*** Begin section ***

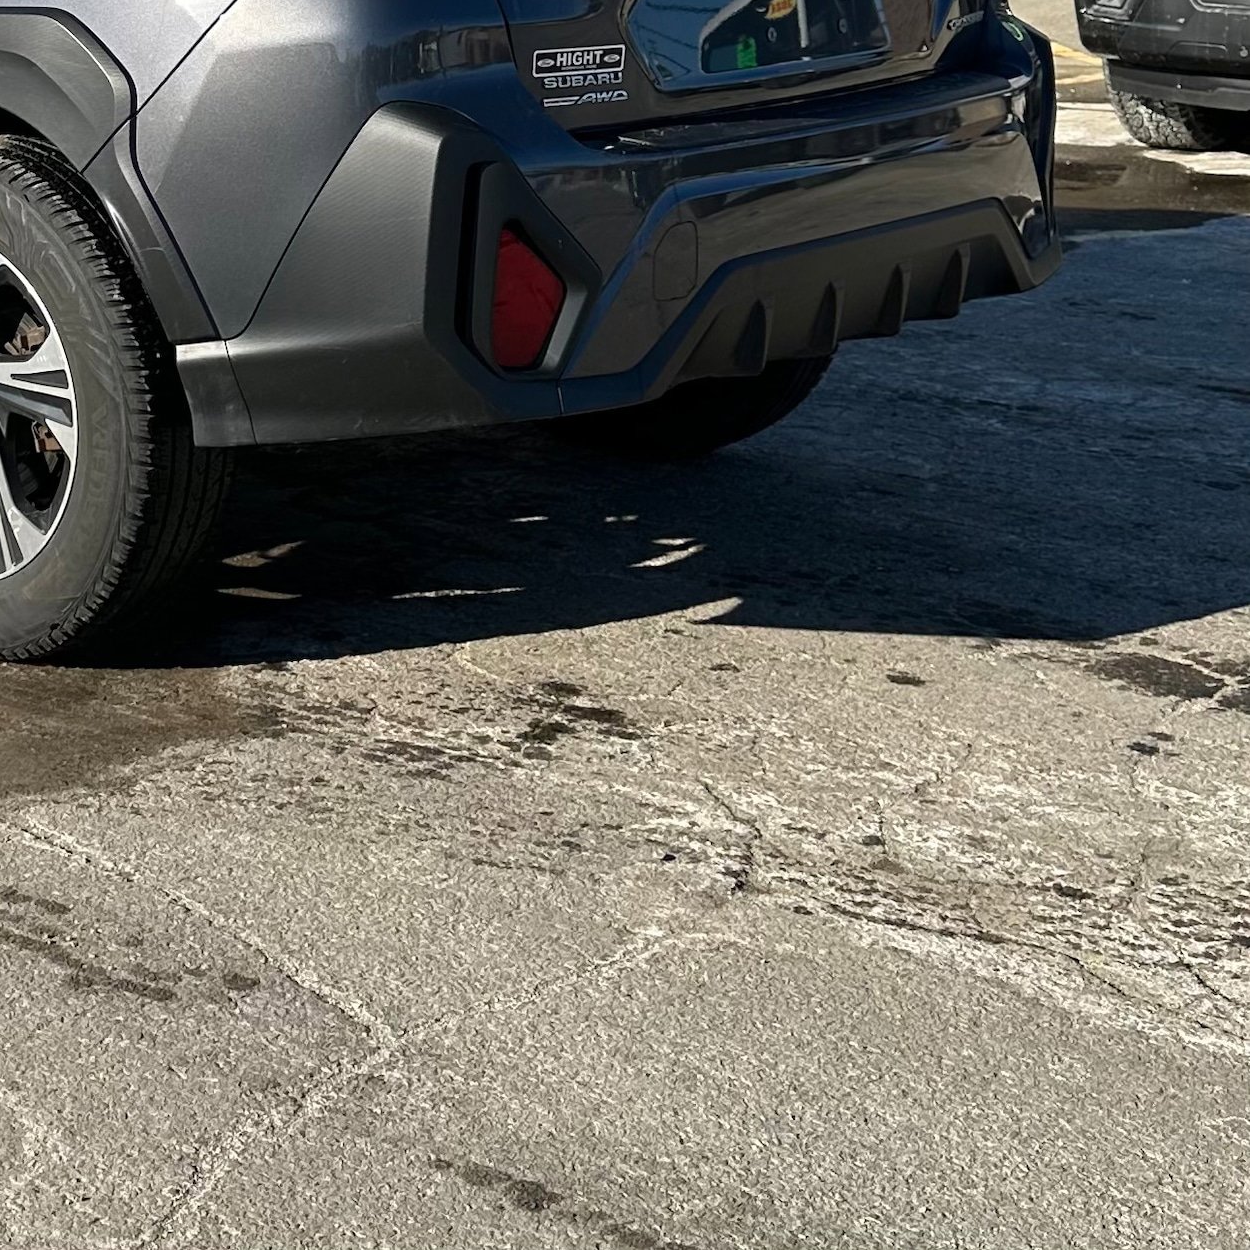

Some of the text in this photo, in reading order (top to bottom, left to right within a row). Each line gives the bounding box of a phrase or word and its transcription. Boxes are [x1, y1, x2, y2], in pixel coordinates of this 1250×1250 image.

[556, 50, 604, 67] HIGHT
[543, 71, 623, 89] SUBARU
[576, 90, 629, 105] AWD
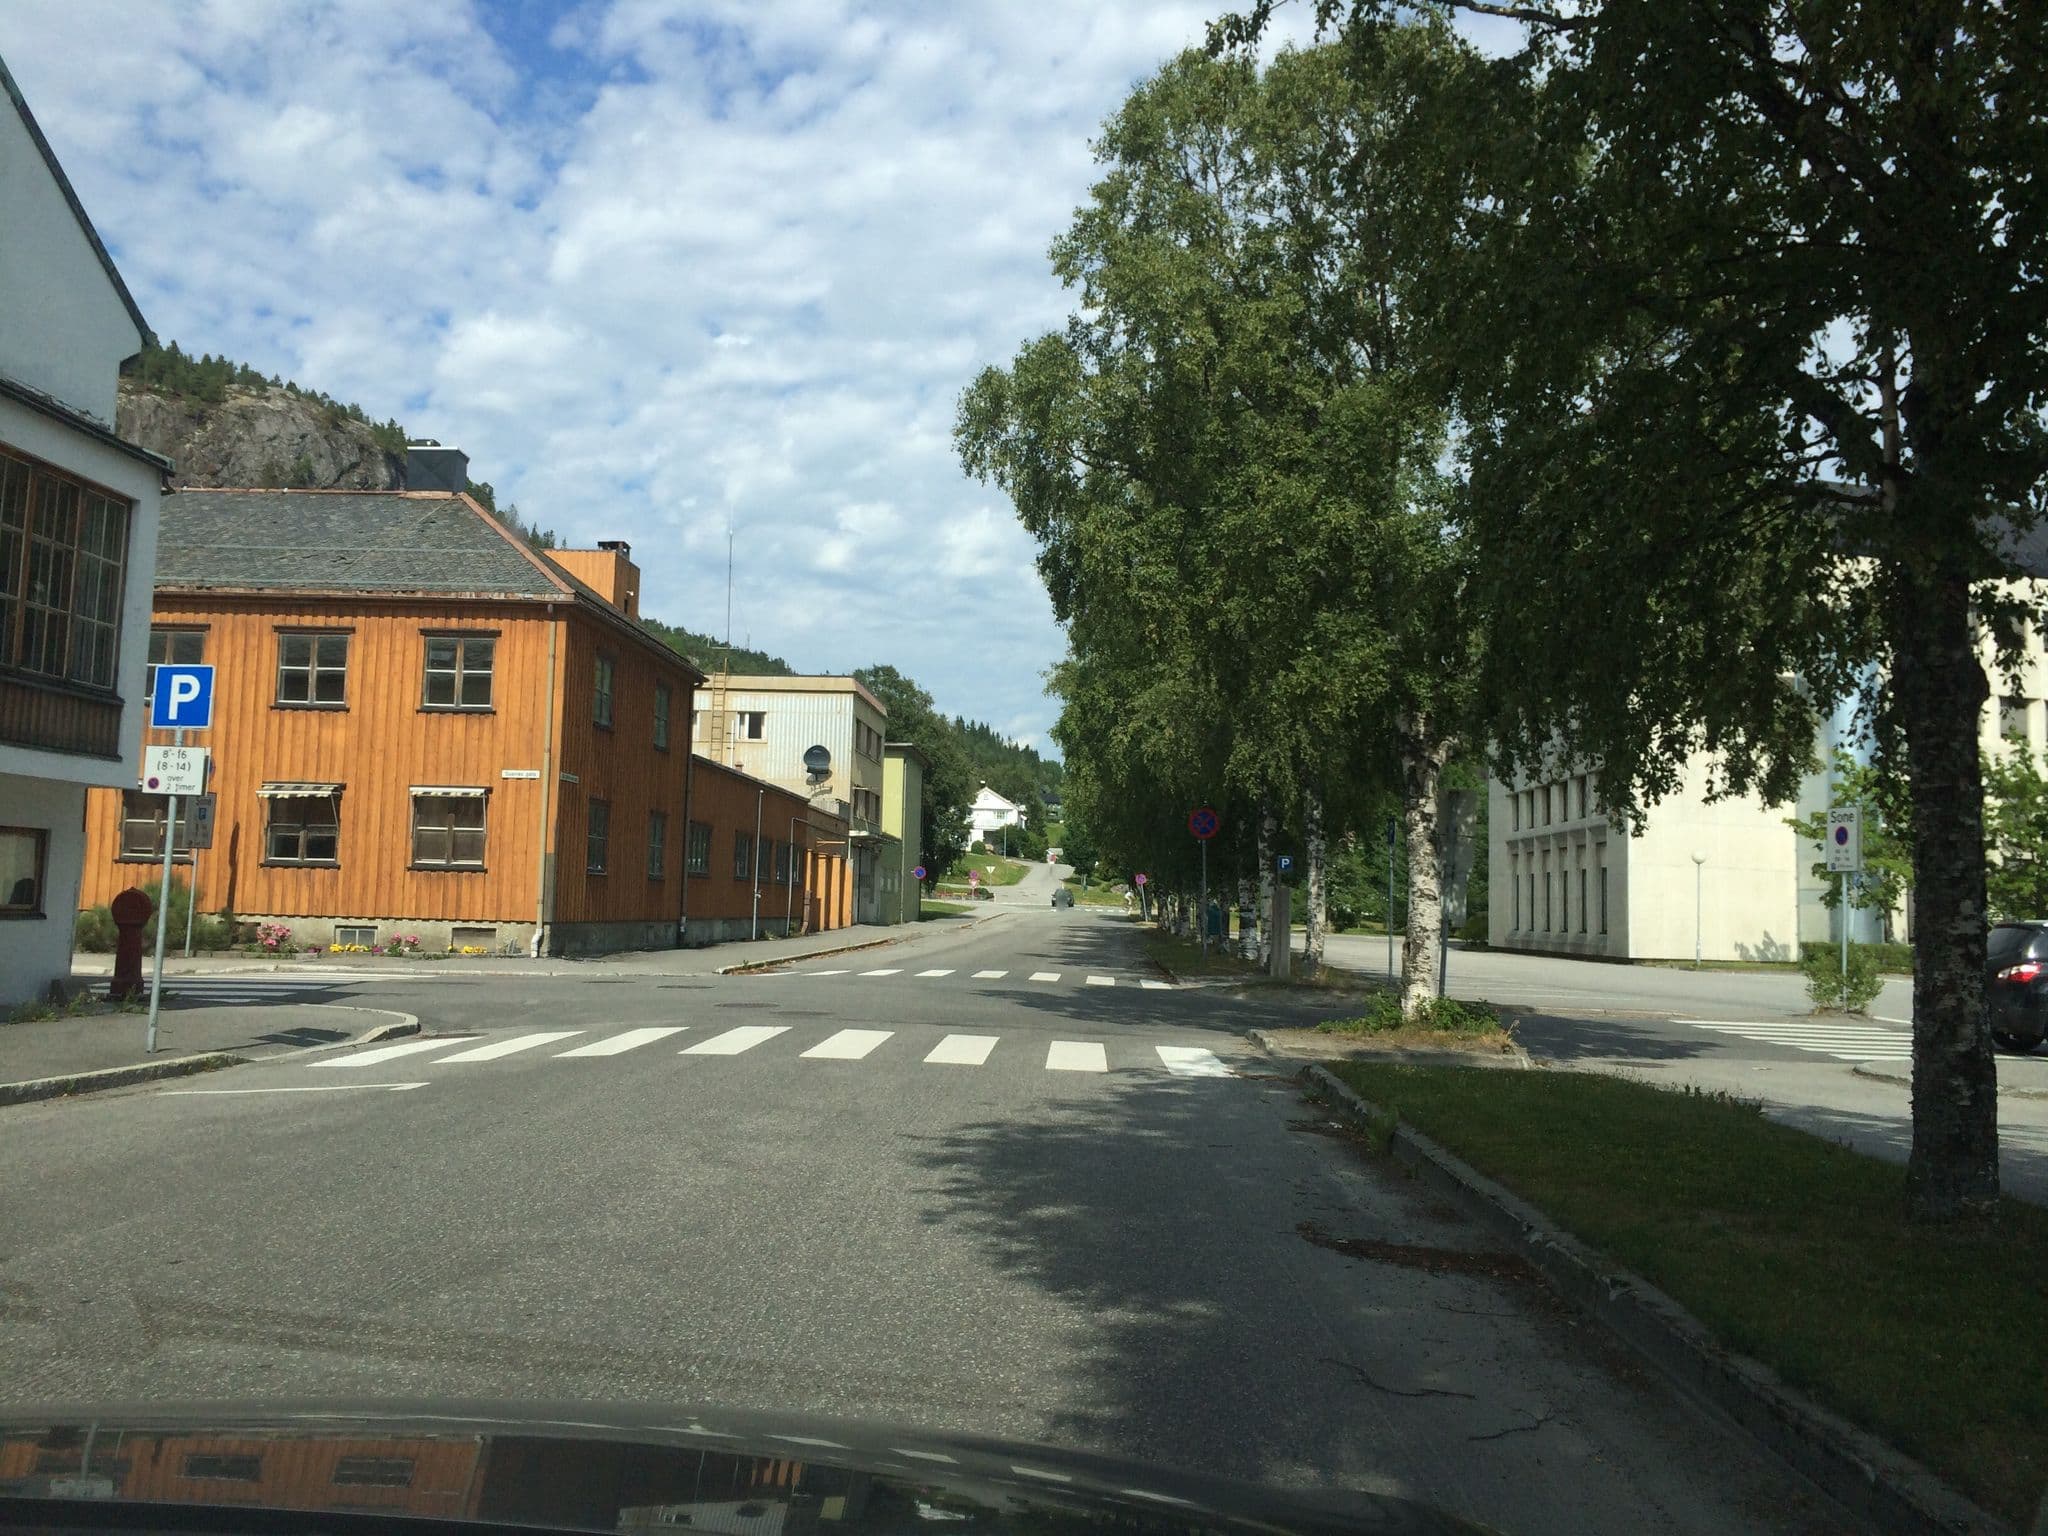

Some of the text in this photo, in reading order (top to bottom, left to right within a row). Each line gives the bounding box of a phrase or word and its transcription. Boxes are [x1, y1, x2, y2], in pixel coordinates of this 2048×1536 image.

*** End section ***

■ **WHAT THE EXERCISE ASKS**: If an entry contains a picture, omit it; restate everything else word for word.

■ **SOLUTION TO THE PROBLEM**:
Some of the text in this photo, in reading order (top to bottom, left to right within a row). Each line gives the bounding box of a phrase or word and its transcription. Boxes are [x1, y1, x2, y2], in pixel coordinates of this 1250×1250 image.

[556, 50, 604, 67] HIGHT
[543, 71, 623, 89] SUBARU
[576, 90, 629, 105] AWD

Some of the text in this photo, in reading order (top to bottom, left to right within a row). Each line gives the bounding box of a phrase or word and its transcription. Boxes are [x1, y1, x2, y2], in pixel coordinates of this 2048×1536 image.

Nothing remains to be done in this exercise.